At Get Religion it is usually considered bad form to criticize wire service reports for lacking context. There is only so much information that a reporter can pack into a 300 word story. The absence of an explanatory sentence or two that gives the reader some clues as to the meaning of the story is seldom fatal to an article’s journalistic integrity — but it can at times lead to an article coming across as a Haiku.
This article from Reuters entitled “Bulgarian police detain 120 after mosque attack” I readily concede does not fit into the 5 – 7 – 5 sound (on) pattern of classical Japanese poetry nor the 17 syllables of contemporary English Haiku. Nevertheless the imagery created in this short piece does a great job of telling the story.
A problem with imagery, however, is that the reader must be aware of the symbolic meaning of the nouns being used. The story has a wonderful lede:
Bulgarian police detained more than 120 people on Friday after hundreds of nationalists and soccer fans attacked a mosque in the country’s second city Plovdiv, smashing its windows with stones.

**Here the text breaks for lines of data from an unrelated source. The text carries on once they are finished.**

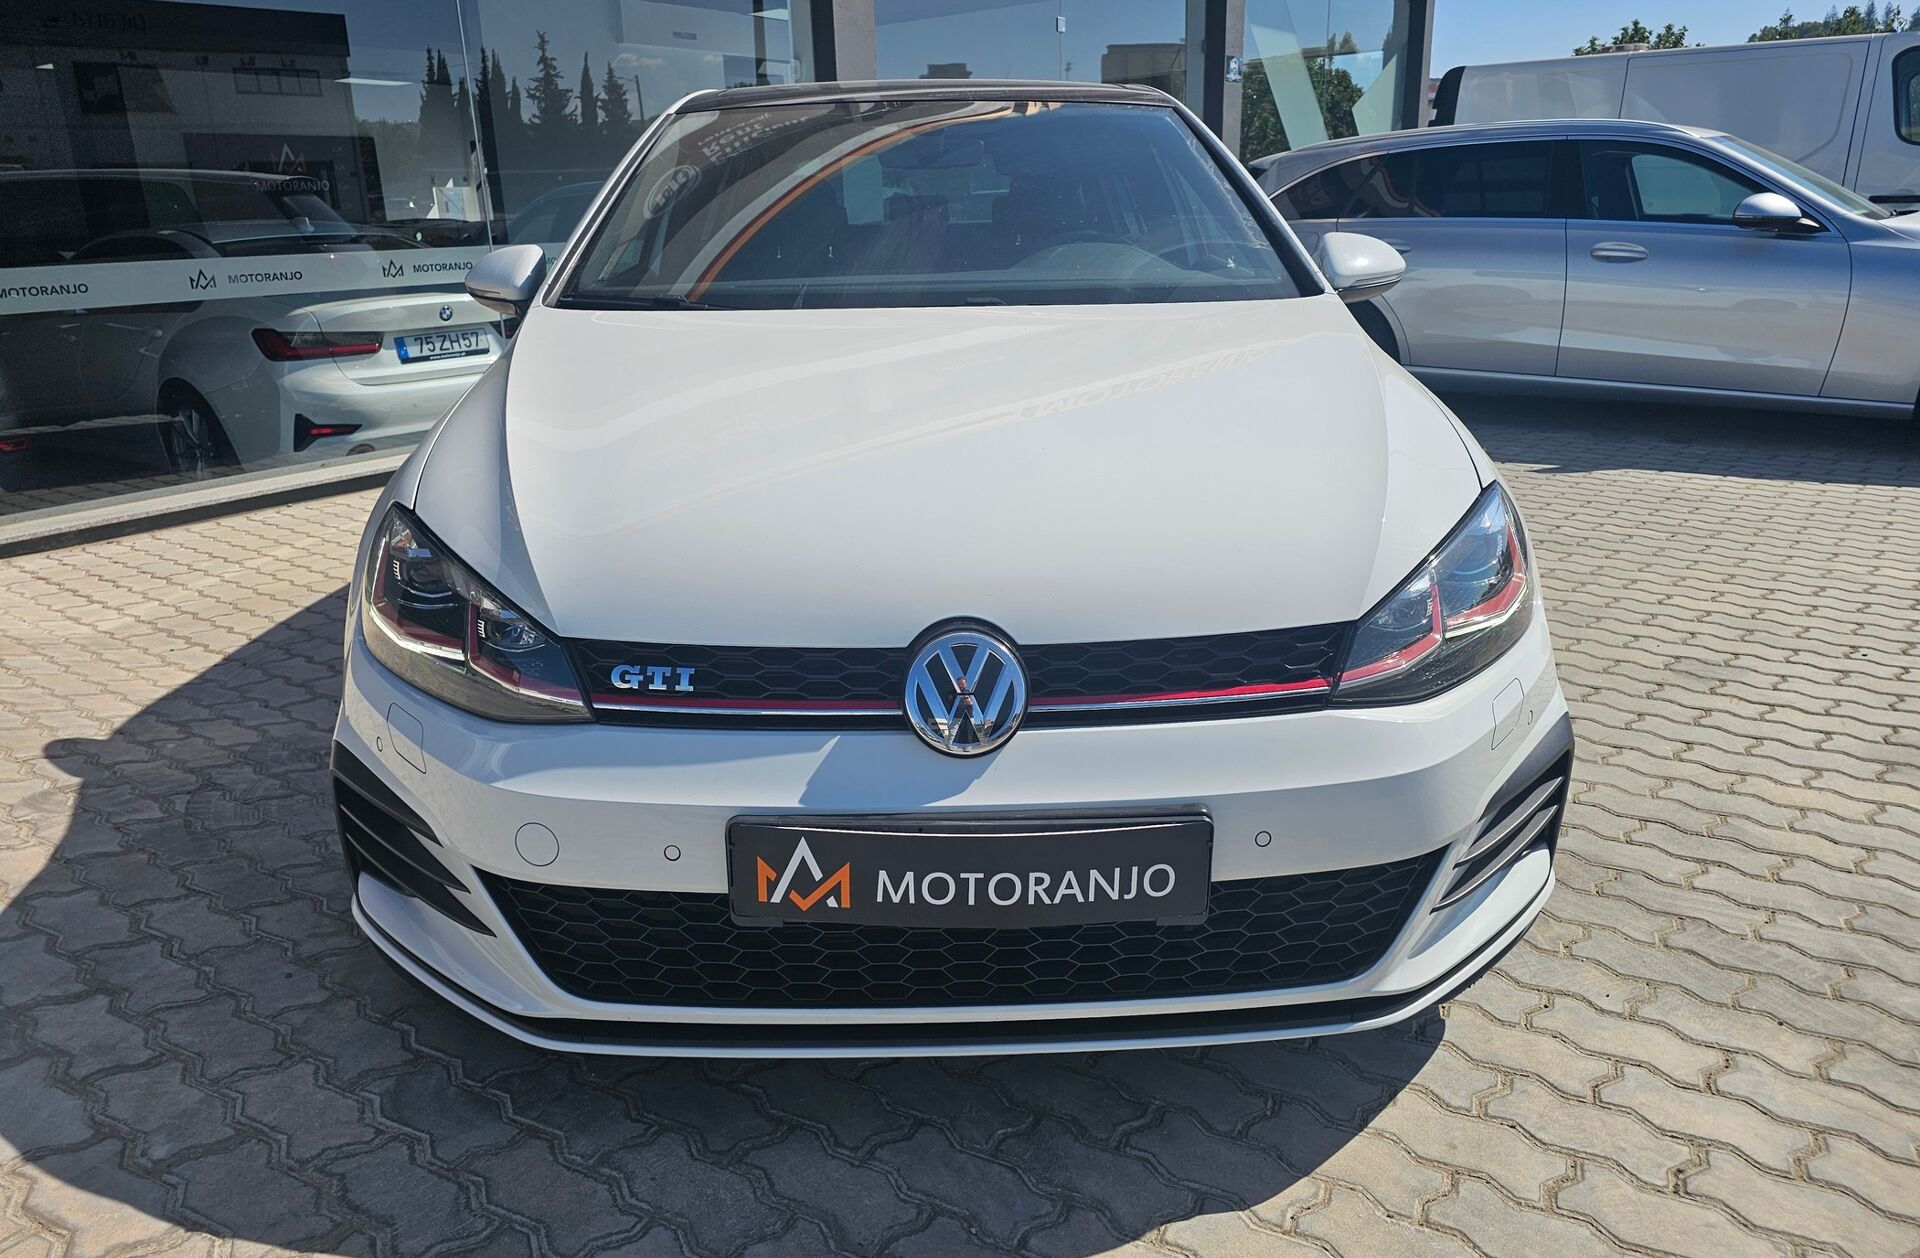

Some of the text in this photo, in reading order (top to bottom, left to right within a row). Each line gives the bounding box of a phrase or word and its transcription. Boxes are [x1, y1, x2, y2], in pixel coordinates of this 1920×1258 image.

[256, 180, 330, 192] MOTORANJO
[412, 261, 473, 273] MOTORANJO
[227, 271, 303, 284] MOTORANJO
[610, 664, 696, 692] GTI
[876, 863, 1177, 906] MOTORANJO

Why is this wonderful you ask? On one level there is an absurdist quality to this sentence with overtones of Monty Python, Lemony Snicket and Eugene Ionescu. A mosque has been attacked by a mob casting stones. A Bulgarian mosque has been attacked by a mob casting stones. A Bulgarian mosque in Bulgaria’s second city has been attacked by a mob casting stones. A Bulgarian mosque in Bulgaria’s second city has been attacked by a mob of soccer fans and (Bulgarian?) nationalists casting stones.
Each iteration makes the story ever so slightly more ridiculous, but at the same time it conveys the absurdity of life through the incongruity of its elements and apparent absence of reason. But this is the Balkans.